_Saved entries_
=== Begin Enclosure ===

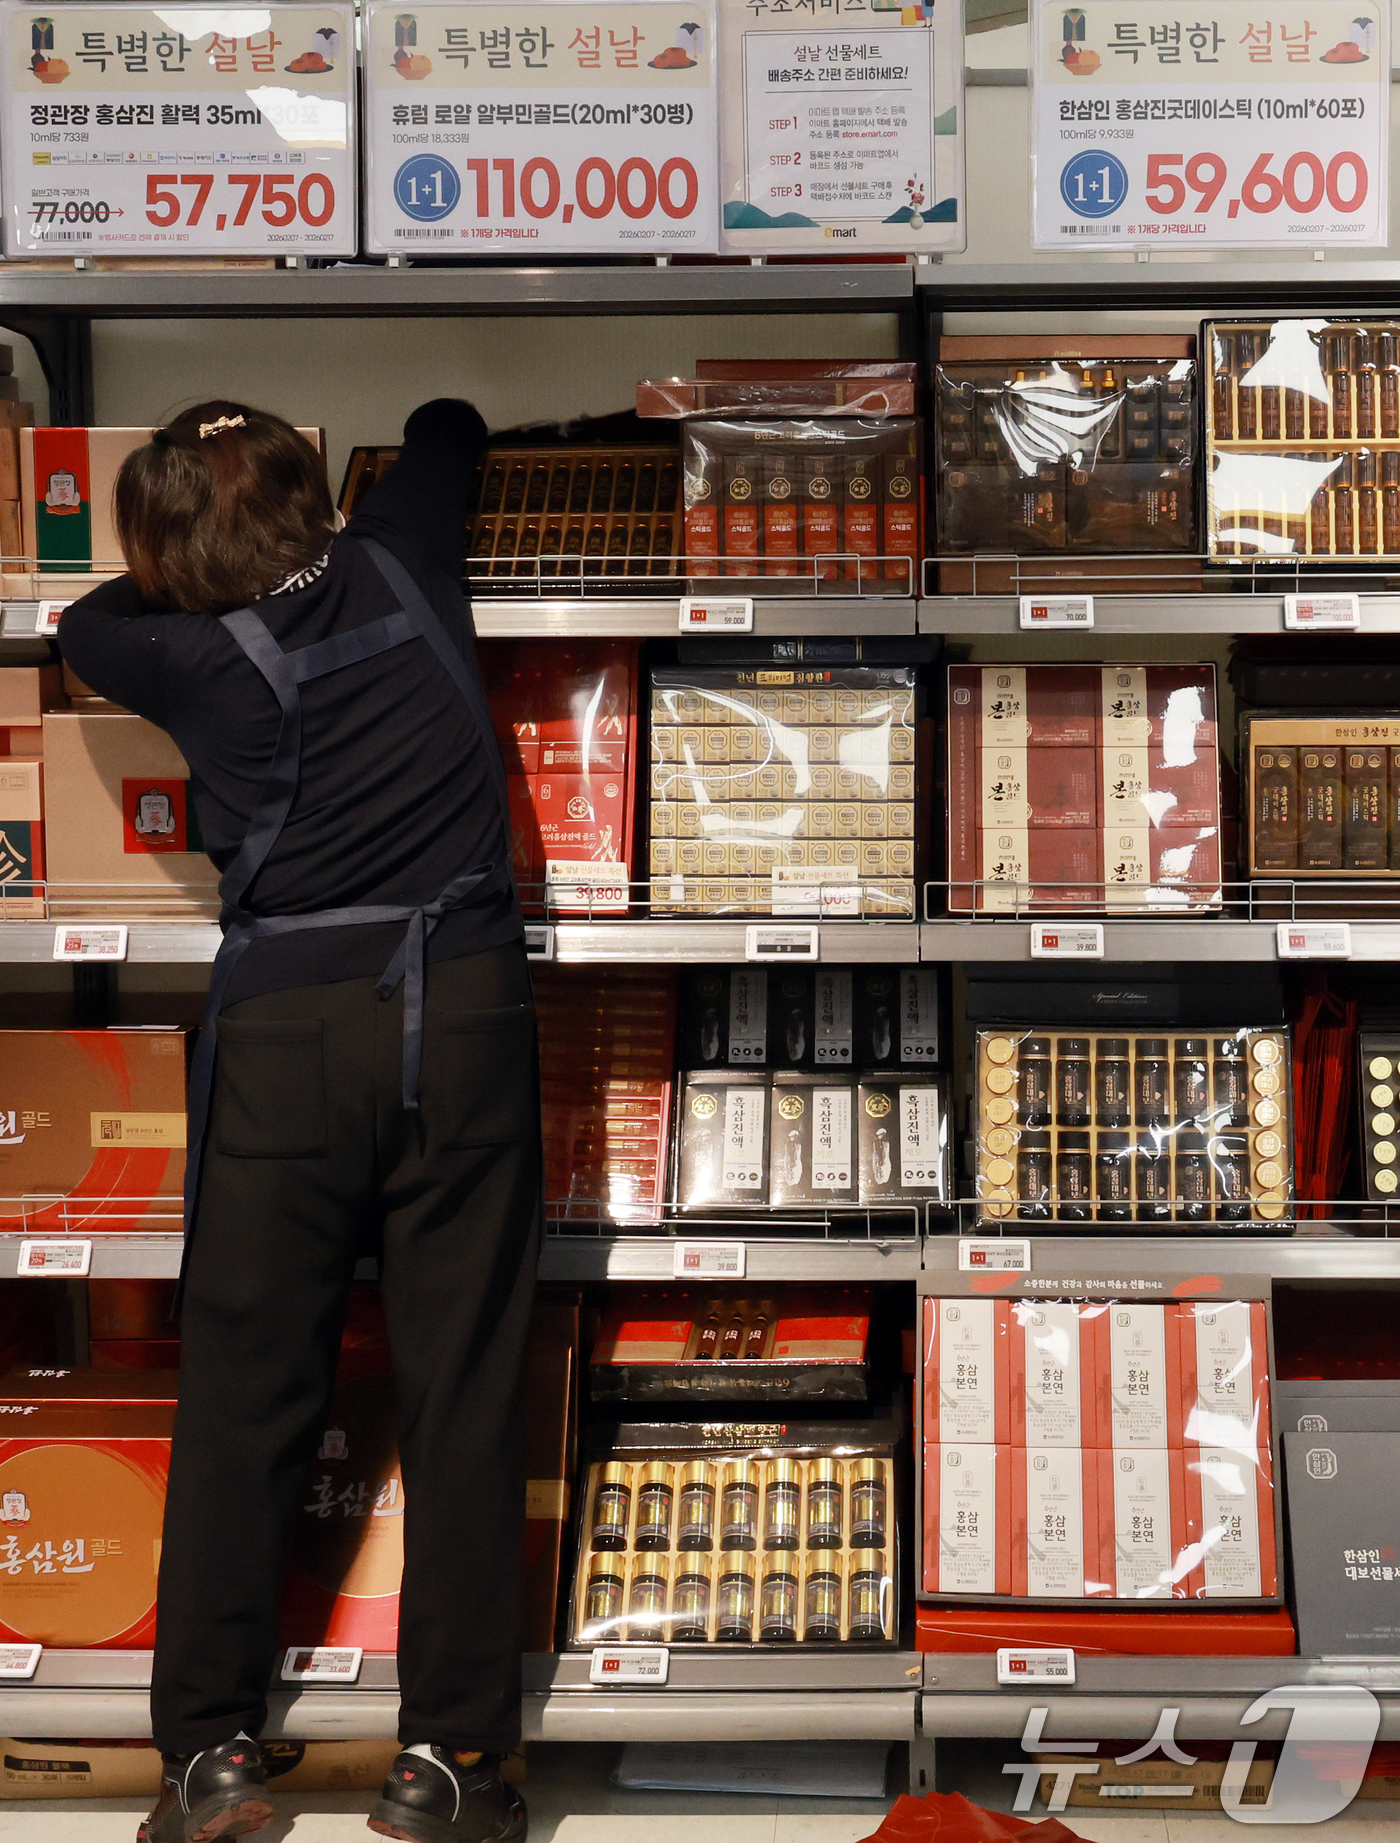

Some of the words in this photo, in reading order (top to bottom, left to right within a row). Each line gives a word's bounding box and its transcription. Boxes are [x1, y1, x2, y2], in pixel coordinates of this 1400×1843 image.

[438, 25, 555, 70] 특별한
[567, 25, 646, 69] 설날
[1107, 20, 1226, 65] 특별한
[1238, 20, 1318, 64] 설날
[75, 31, 192, 73] 특별한
[204, 31, 282, 73] 설날
[793, 45, 822, 63] 설날
[825, 44, 883, 61] 선물세트
[768, 69, 815, 83] 배송주소
[817, 68, 842, 82] 간편
[845, 66, 909, 81] 준비하세요!
[30, 104, 89, 126] 정관장
[95, 104, 154, 126] 홍삼진
[161, 104, 200, 126] 활력
[392, 104, 428, 126] 휴럼
[434, 104, 471, 126] 로얄
[808, 107, 831, 117] 이마트
[832, 107, 840, 116] 앱
[841, 107, 857, 116] 택배
[857, 107, 872, 116] 발송
[875, 106, 889, 115] 주소
[891, 106, 906, 115] 등록
[1059, 100, 1110, 121] 한삼인
[1116, 99, 1252, 121] 홍삼진굿데이스틱
[769, 119, 791, 130] STEP
[793, 116, 798, 130] 1
[808, 119, 831, 128] 이마트
[832, 118, 875, 128] 홈페이지에서
[876, 118, 892, 127] 택배
[893, 118, 908, 127] 발송
[30, 131, 61, 142] 10ml당
[63, 132, 90, 142] 733원
[392, 133, 429, 144] 100ml당
[431, 134, 470, 144] 18,333원
[809, 130, 823, 139] 주소
[826, 130, 840, 139] 등록
[842, 130, 899, 139] store.emart.com
[1059, 129, 1097, 140] 100ml당
[1098, 129, 1135, 140] 9,933원
[770, 155, 792, 166] STEP
[793, 152, 802, 165] 2
[809, 150, 831, 160] 등록된
[833, 150, 855, 159] 주소로
[856, 149, 899, 159] 이마트앱에서
[809, 161, 831, 170] 바코드
[833, 161, 848, 170] 생성
[850, 161, 864, 170] 가능
[407, 170, 448, 208] 1+1
[466, 157, 699, 223] 110,000
[770, 187, 793, 198] STEP
[794, 184, 802, 197] 3
[810, 182, 838, 192] 매장에서
[840, 181, 869, 191] 선물세트
[871, 181, 893, 190] 구매후
[1073, 166, 1116, 204] 1+1
[1145, 151, 1369, 219] 59,600
[31, 188, 60, 198] 일반고객
[60, 188, 91, 198] 구매가격
[810, 192, 853, 202] 택배접수처에
[854, 192, 876, 201] 바코드
[878, 191, 893, 201] 스캔
[146, 173, 336, 231] 57,750
[32, 201, 111, 225] 77,000
[471, 228, 494, 239] 1개당
[495, 228, 540, 239] 가격입니다
[619, 230, 656, 239] 20260207
[662, 230, 697, 239] 20260217
[824, 227, 857, 238] emart
[1137, 224, 1160, 235] 1개당
[1161, 224, 1207, 235] 가격입니다
[1287, 225, 1324, 234] 20260207
[1331, 225, 1366, 234] 20260217
[267, 234, 299, 243] 20260207
[305, 234, 335, 243] 20260217
[691, 612, 705, 620] 1+1
[540, 824, 558, 832] 6년근
[792, 872, 805, 880] 설날
[807, 872, 834, 880] 선물세트
[576, 887, 622, 900] 39,800
[1044, 937, 1057, 945] 1+1
[21, 1111, 52, 1129] 골드
[731, 1096, 746, 1149] 흑삼진액
[819, 1096, 833, 1149] 흑삼진액
[906, 1094, 920, 1147] 흑삼진액
[972, 1254, 985, 1262] 1+1
[1024, 1279, 1058, 1289] 소중한분께
[1062, 1279, 1083, 1289] 건강과
[1085, 1279, 1106, 1289] 감사의
[1107, 1279, 1129, 1289] 마음을
[956, 1364, 978, 1377] 홍삼
[1041, 1368, 1064, 1381] 홍삼
[1127, 1369, 1150, 1383] 홍삼
[956, 1377, 978, 1390] 본연
[1041, 1382, 1064, 1394] 본연
[1127, 1383, 1149, 1396] 본연
[304, 1475, 405, 1518] 홍삼원
[956, 1511, 979, 1524] 홍삼
[1044, 1515, 1066, 1528] 홍삼
[1131, 1516, 1154, 1529] 홍삼
[1219, 1515, 1242, 1528] 홍삼
[956, 1525, 978, 1537] 본연
[1044, 1529, 1066, 1542] 본연
[1131, 1530, 1154, 1543] 본연
[0, 1535, 95, 1575] 홍삼원
[91, 1539, 123, 1557] 골드
[1343, 1549, 1381, 1564] 한삼인

=== End Enclosure ===

_Task goal_
How many lines above contain the word "선물세트"? Answer with the number alone.

_Response to this exercise_
3